The recognition and disposal of misfolded CFTR are performed by a set of at least four checkpoints that are part of the ER quality control (ERQC) system:
- –
The first checkpoint involves interaction with molecular chaperones, especially those belonging to the Hsp70 family. F508del-CFTR association with Hsp70 is prolonged and most of the mutant protein is targeted to degradation at this early step which involves the replacement of pro-folding cochaperones such as Hdj-1/2 [77,78] by pro-degradation ones such as Bag-1 or CHIP. This set of machinery forms what has been described as a ‘chaperone trap’ [79,80].
- –
The second checkpoint depends on the interaction of CFTR glycoconjugates with calnexin and a significant proportion of wt-CFTR is also sent to degradation at this step [81,82].
- –
A third checkpoint involves recognition of ER retention motifs such as the arginine framed tripeptides (AFTs). When CFTR folding occurs without disturbance, these motifs are buried within the protein that is then allowed to leave the ER. When misfolding occurs, exposed AFTs are recognized and mediate retention to prevent CFTR exit from the ER. Previous studies have identified proteins involved in such recognition step [83,84].
- –
Finally, CFTR is packed into COPII vesicles, a process that is mediated by the recognition of a diacidic export code located in NBD1. Abrogation of this motif leads to partial or total retention in the ER, not due to misfolding but to the inability to be recognized by the coat proteins [83,85,86].

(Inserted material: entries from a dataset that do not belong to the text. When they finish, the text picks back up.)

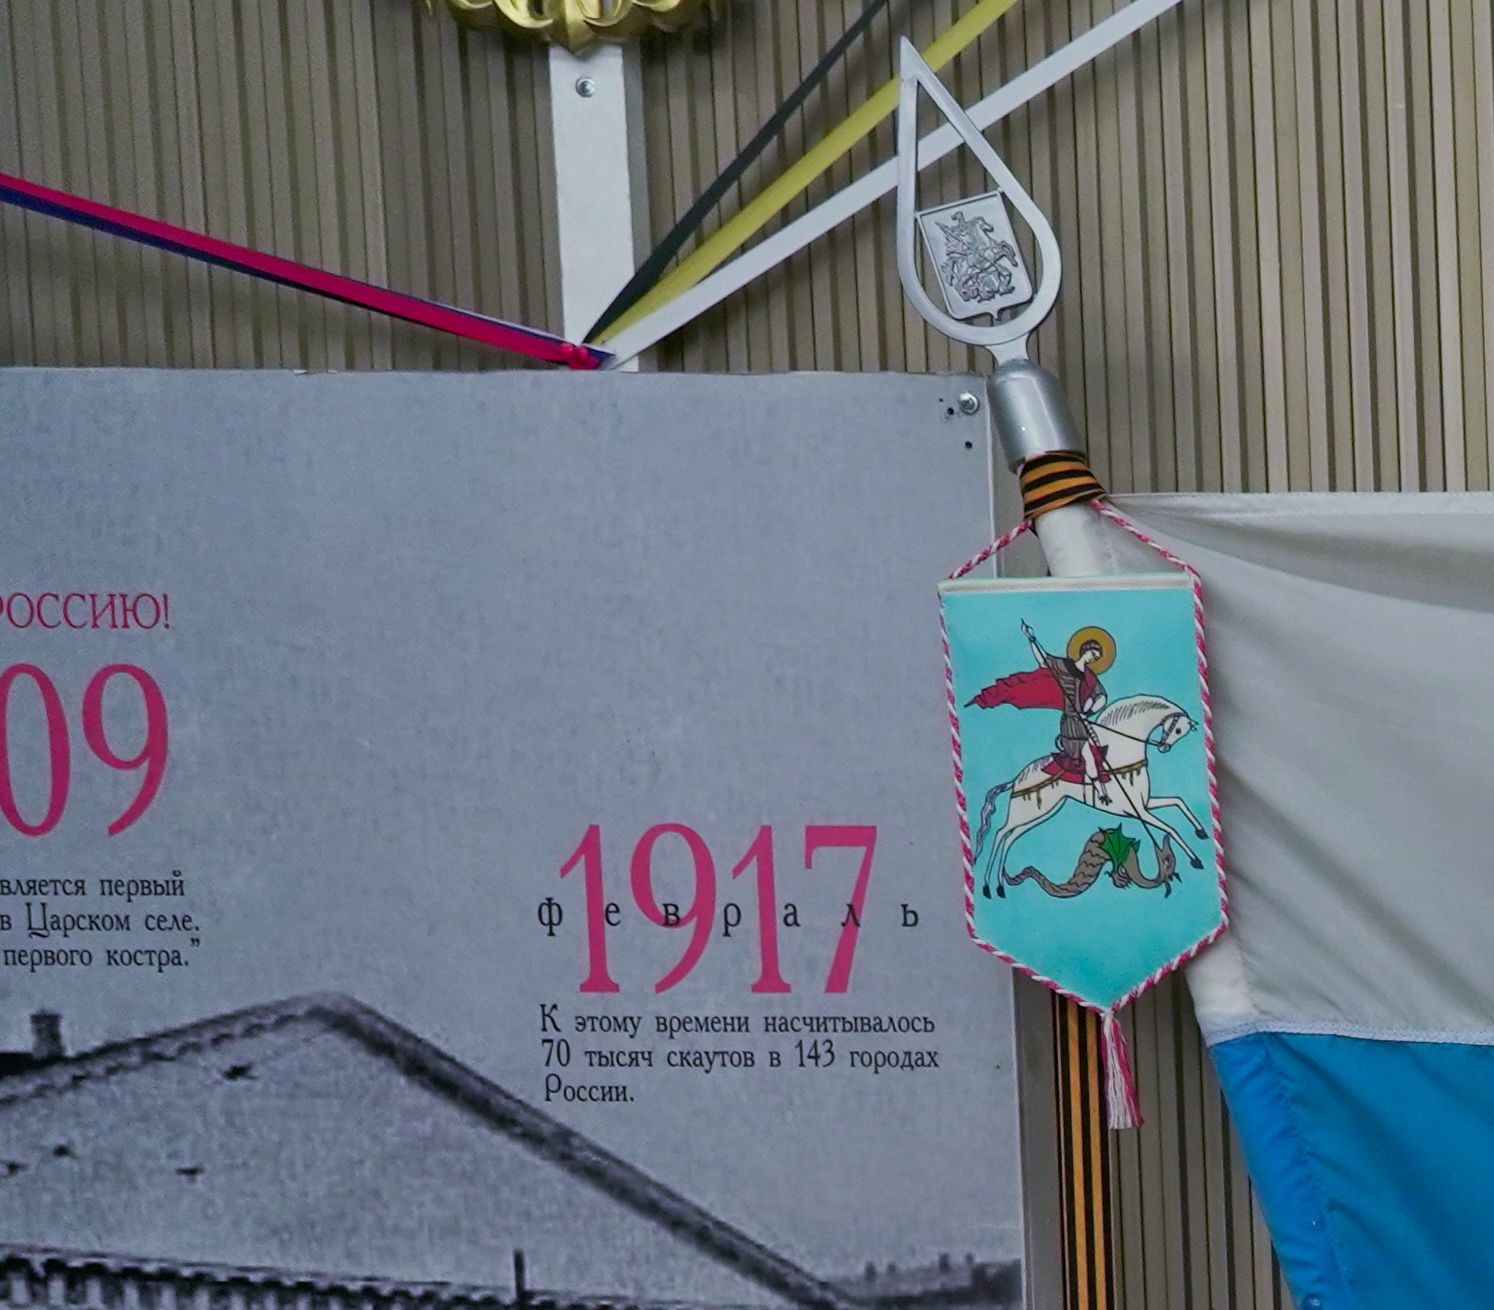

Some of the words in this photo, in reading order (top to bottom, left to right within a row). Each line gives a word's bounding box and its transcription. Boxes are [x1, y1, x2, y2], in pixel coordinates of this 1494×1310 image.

[0, 592, 170, 629] ОССИЮ!
[99, 870, 185, 903] первый
[0, 914, 12, 931] в
[26, 903, 131, 937] Царском
[144, 914, 199, 931] селе.
[559, 825, 877, 994] 1917
[3, 945, 93, 973] первого
[538, 1004, 562, 1033] К
[575, 1015, 642, 1039] этому
[655, 1016, 750, 1040] времени
[763, 1016, 935, 1040] насчитывалось
[541, 1041, 571, 1069] 70
[584, 1047, 653, 1069] тысяч
[667, 1047, 755, 1075] скаутов
[768, 1051, 781, 1067] в
[795, 1039, 835, 1067] 143
[849, 1051, 939, 1074] городах
[545, 1073, 634, 1102] России.
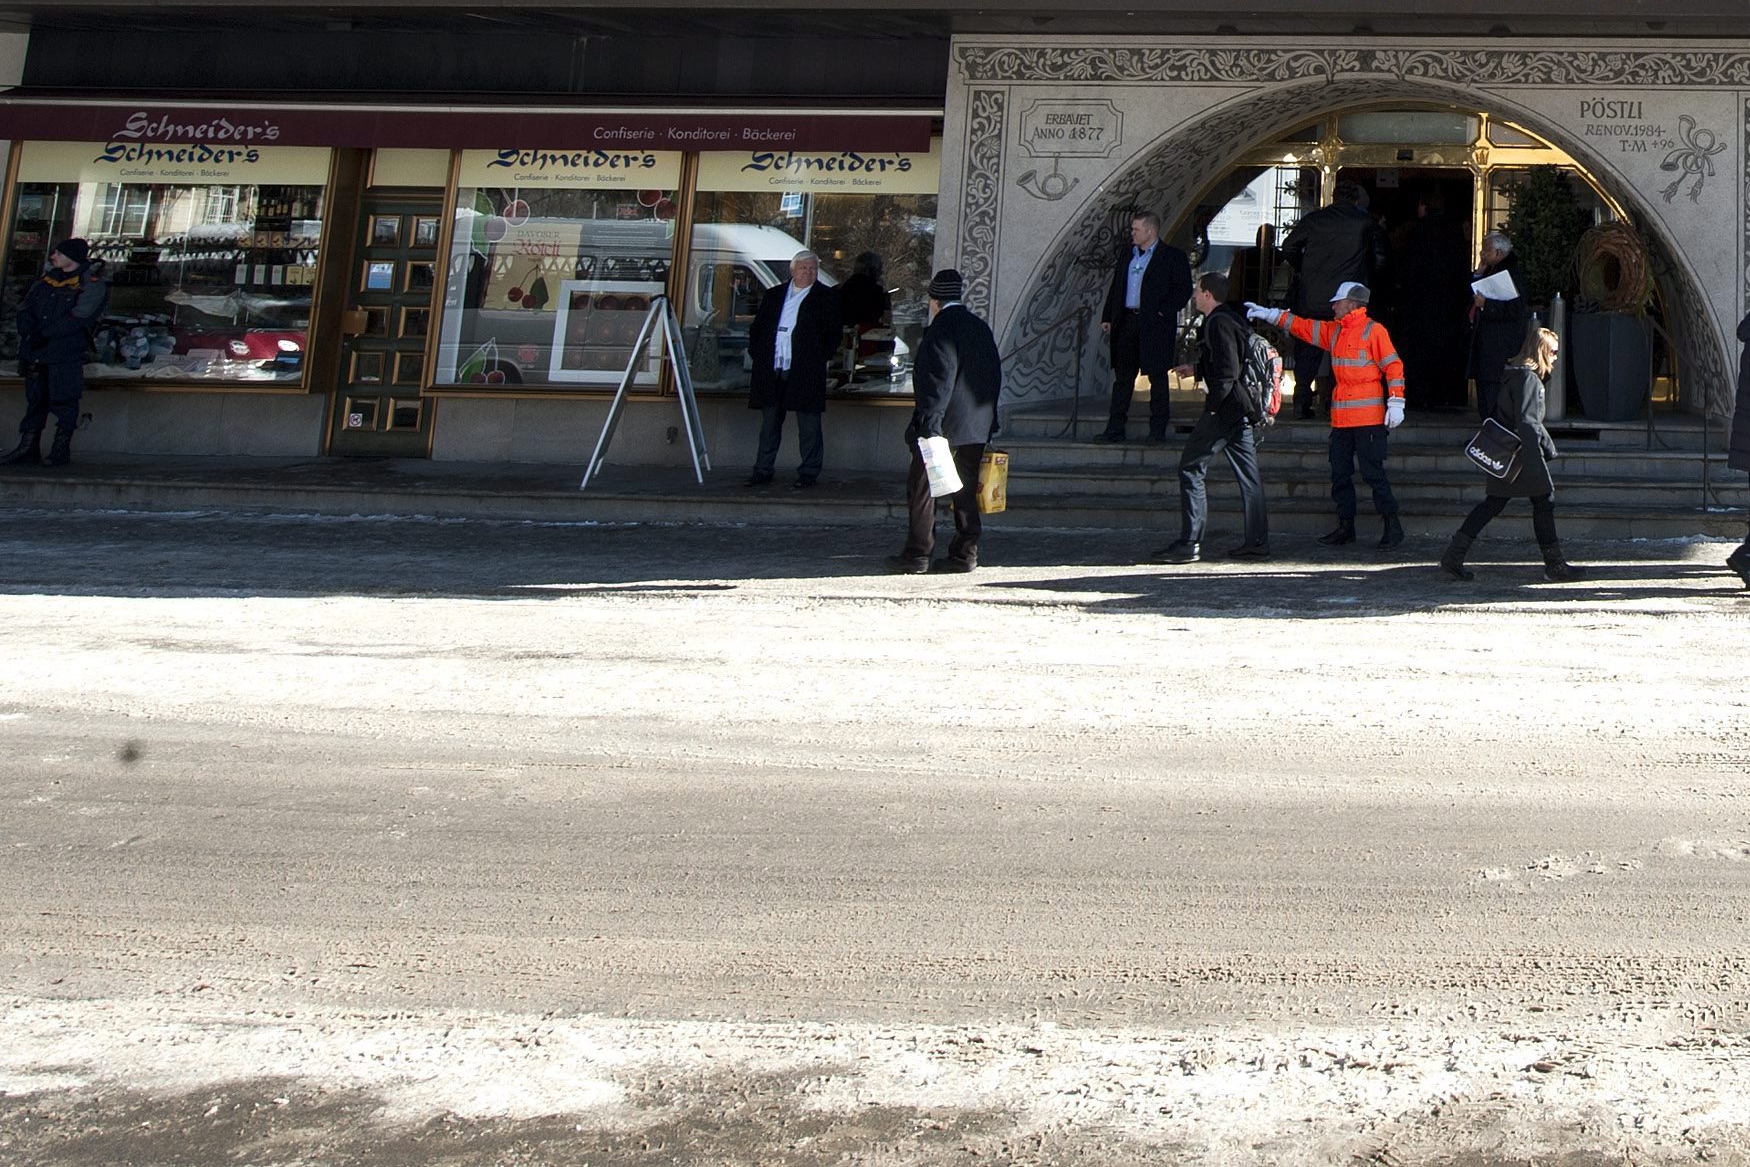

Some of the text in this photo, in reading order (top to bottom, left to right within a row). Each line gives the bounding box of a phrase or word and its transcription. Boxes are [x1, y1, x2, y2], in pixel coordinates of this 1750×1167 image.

[1580, 97, 1642, 120] PÖSTLI
[112, 111, 280, 141] Schneider's
[594, 127, 797, 141] Confiserie Konditorei Bäckerei
[1031, 126, 1104, 143] ANNO 1877
[120, 168, 154, 177] Confiserie
[160, 168, 195, 177] Konditorei
[514, 173, 549, 181] Confiserie
[555, 173, 590, 182] Konditorei
[769, 177, 804, 185] Confiserie
[810, 177, 846, 185] Konditorei
[1469, 446, 1493, 466] adidas
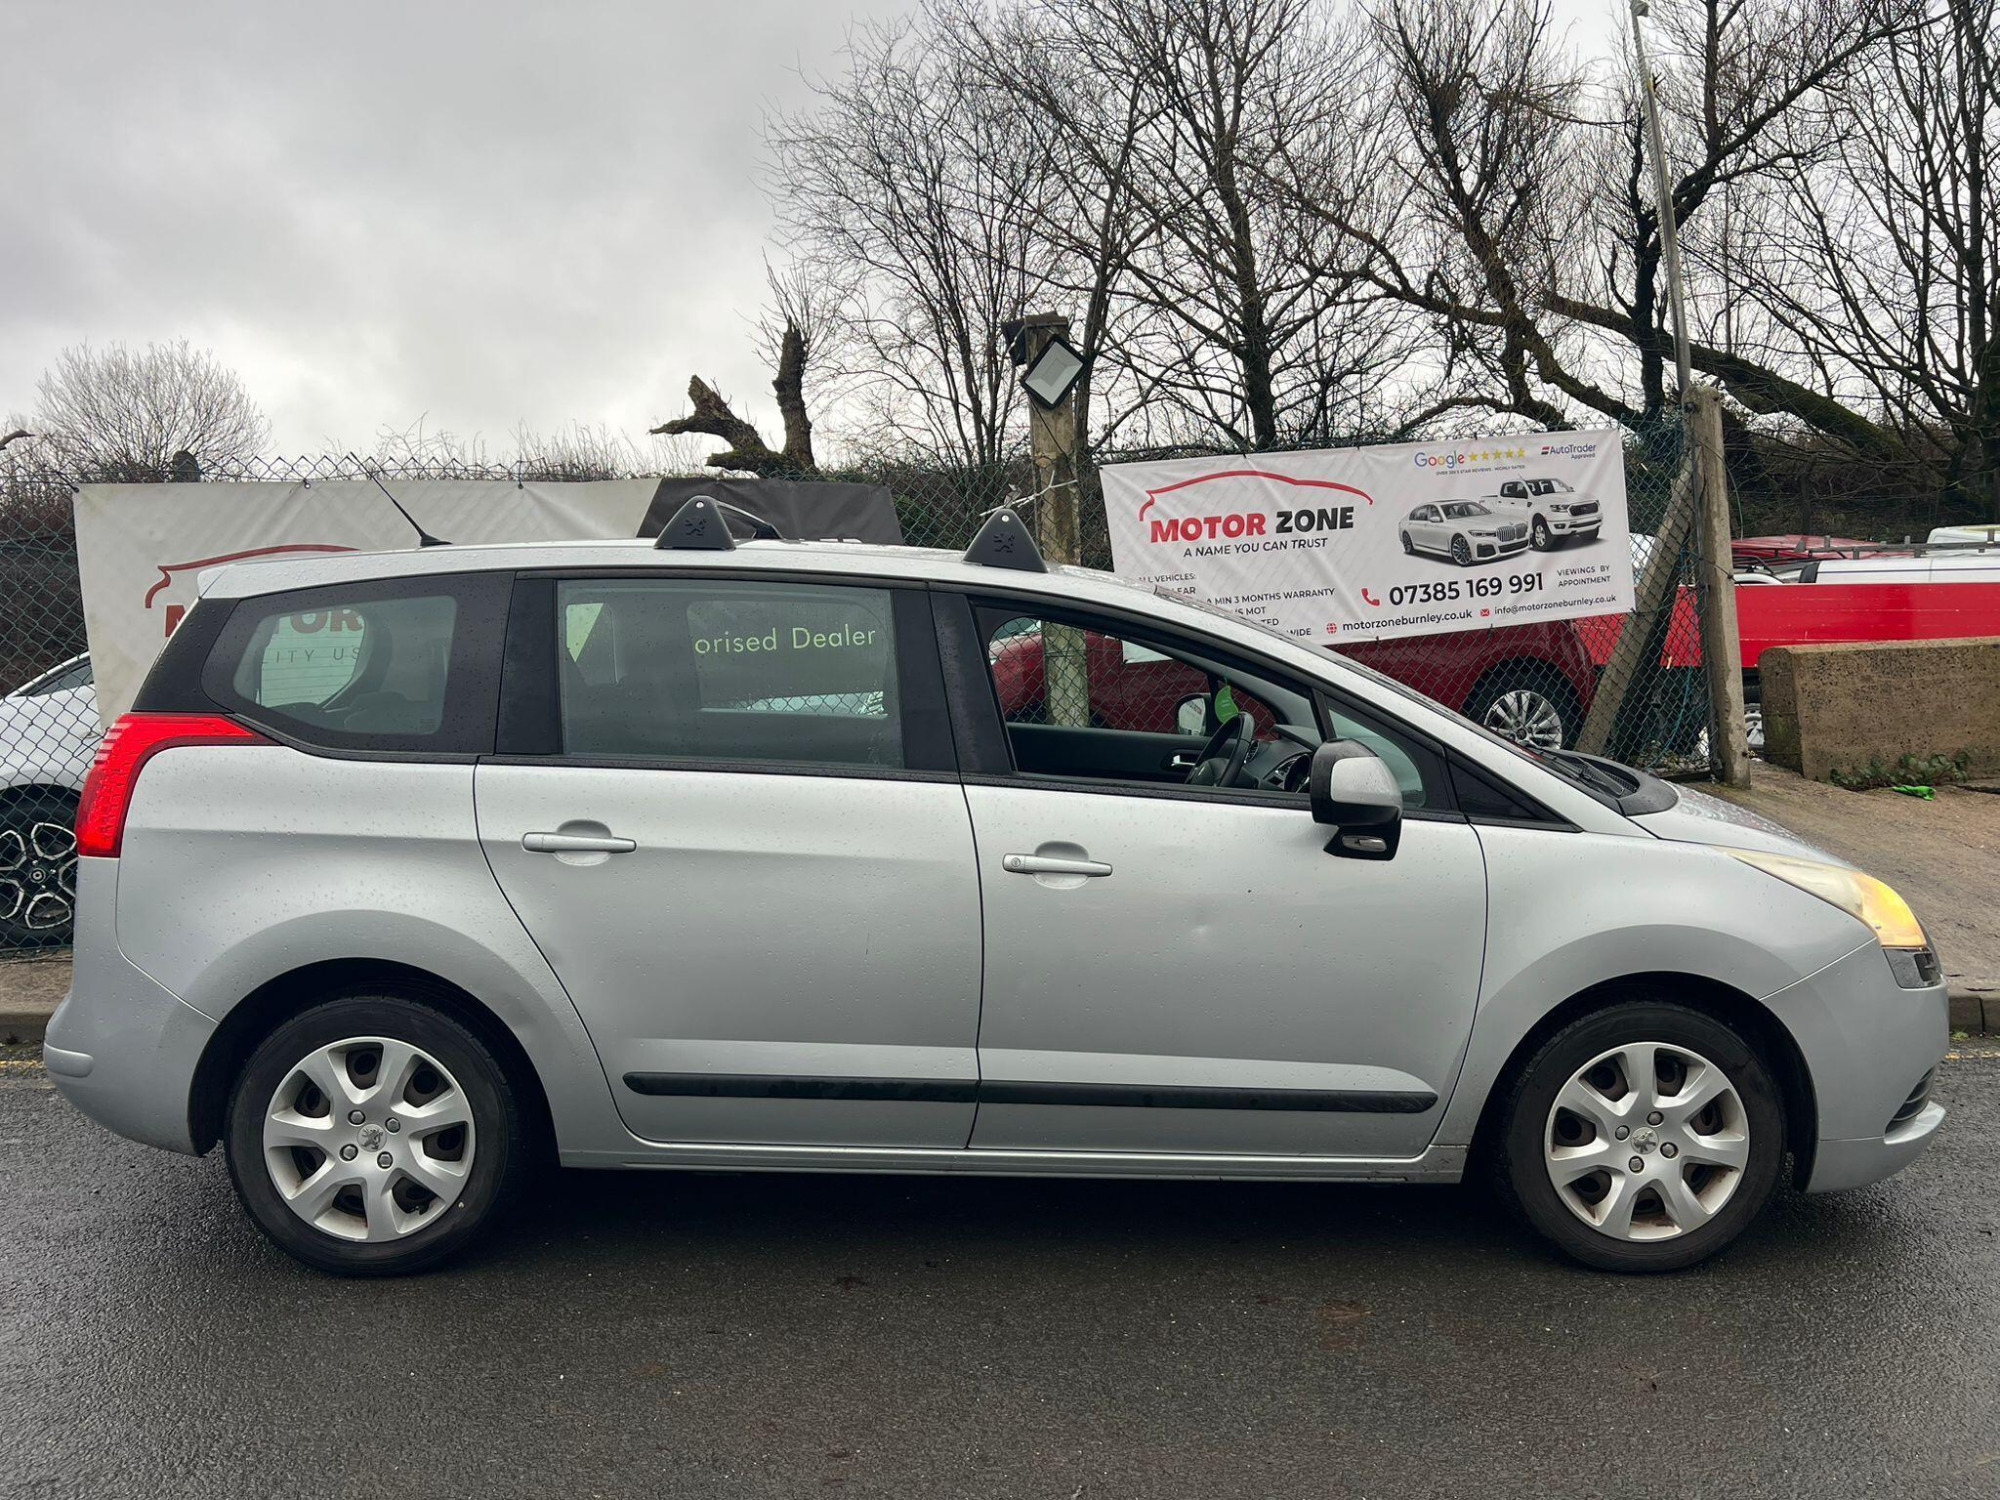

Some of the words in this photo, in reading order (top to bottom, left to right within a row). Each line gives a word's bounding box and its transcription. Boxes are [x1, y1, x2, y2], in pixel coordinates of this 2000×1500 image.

Besides F508del, many mutations are thought to lead to CFTR misfolding, although the position of the mutations may cause differences in the intramolecular interactions that are disrupted and thus on the interacting proteins that are mediators in the specific retention processes, contributing to the notion that not all trafficking mutations are ‘created equal’ [87].
The first attempts of using low molecular weight compounds to repair CFTR were targeted at folding/trafficking mutations and aimed at correcting the folding process either acting directly at CFTR – pharmacological chaperones – or modulating the cellular milieu – either chemical chaperones or, more recently, proteostasis modulators. Correctors were identified and optimized from such initial attempts.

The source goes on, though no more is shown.